A series of anti-apicophilic pentacoordinate phosphoranes (with one chelating substituent in an O-equatorial, C-apical bonding mode at pentacoordinated phosphorus atom) bearing a para-substituted aryl group (–C₆H₄(p-X); X = H, CF₃, F, OMe) or a mesityl (2,4,6-trimethylphenyl) group were isolated using a novel bulky bidentate ligand with two C₂F₅groups. These phosphoranes were stable to isomerization at room temperature, and quantitatively converted into the corresponding more stable isomers (O-apical) at elevated temperatures in solution.
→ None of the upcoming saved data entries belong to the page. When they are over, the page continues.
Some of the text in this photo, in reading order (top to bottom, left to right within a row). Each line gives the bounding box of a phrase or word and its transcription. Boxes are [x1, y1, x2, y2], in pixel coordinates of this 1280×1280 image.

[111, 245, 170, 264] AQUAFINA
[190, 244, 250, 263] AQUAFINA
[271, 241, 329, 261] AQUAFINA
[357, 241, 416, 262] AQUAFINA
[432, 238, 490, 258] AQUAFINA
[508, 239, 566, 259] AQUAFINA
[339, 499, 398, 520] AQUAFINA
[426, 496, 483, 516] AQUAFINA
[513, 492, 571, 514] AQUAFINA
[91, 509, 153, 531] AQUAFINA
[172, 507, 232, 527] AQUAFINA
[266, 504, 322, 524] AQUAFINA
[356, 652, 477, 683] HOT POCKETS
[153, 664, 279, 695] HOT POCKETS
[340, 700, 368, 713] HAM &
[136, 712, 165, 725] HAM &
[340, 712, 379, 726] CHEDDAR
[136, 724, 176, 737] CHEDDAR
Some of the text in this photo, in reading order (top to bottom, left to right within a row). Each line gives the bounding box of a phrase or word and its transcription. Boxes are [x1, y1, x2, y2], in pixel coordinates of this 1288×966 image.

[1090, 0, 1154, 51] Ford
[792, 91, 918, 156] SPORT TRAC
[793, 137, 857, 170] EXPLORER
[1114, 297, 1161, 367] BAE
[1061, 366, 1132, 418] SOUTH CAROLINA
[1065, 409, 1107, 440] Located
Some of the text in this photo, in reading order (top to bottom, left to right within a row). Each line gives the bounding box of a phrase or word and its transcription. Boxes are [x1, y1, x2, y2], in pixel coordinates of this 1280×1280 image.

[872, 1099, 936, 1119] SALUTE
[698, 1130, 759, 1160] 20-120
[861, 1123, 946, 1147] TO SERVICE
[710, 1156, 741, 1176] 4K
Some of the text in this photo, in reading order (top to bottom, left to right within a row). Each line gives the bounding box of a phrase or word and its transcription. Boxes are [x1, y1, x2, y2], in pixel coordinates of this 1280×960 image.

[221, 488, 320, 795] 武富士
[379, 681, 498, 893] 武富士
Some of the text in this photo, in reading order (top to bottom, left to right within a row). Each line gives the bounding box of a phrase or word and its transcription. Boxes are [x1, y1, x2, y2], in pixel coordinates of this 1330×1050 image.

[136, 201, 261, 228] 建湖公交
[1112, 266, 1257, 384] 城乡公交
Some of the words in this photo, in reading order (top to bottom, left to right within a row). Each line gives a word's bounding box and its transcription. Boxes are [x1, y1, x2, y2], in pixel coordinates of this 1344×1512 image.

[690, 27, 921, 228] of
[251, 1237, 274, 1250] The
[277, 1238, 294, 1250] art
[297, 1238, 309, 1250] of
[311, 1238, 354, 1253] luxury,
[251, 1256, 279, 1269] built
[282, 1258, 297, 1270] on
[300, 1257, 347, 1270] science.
On the basis of a kinetic study, the free energy of activation (ΔG^‡) of the stereomutation of the O-equatorial mesitylphosphorane to its O-apical isomer was higher than that of the CF₃ derivative by 2.6 kcal mol⁻¹, giving rise to a further example of the steric effect of the C₂F₅group to freeze the isomerization of the pentacoordinate phosphorus compounds. Kinetic measurements of the isomerization of the O-equatorial ortho-unsubstituted derivatives (–C₆H₄(p-X)) to the corresponding O-apical isomers suggested that the O-equatorial isomers were stabilized by the π → σ*_P–O interaction in the ground state.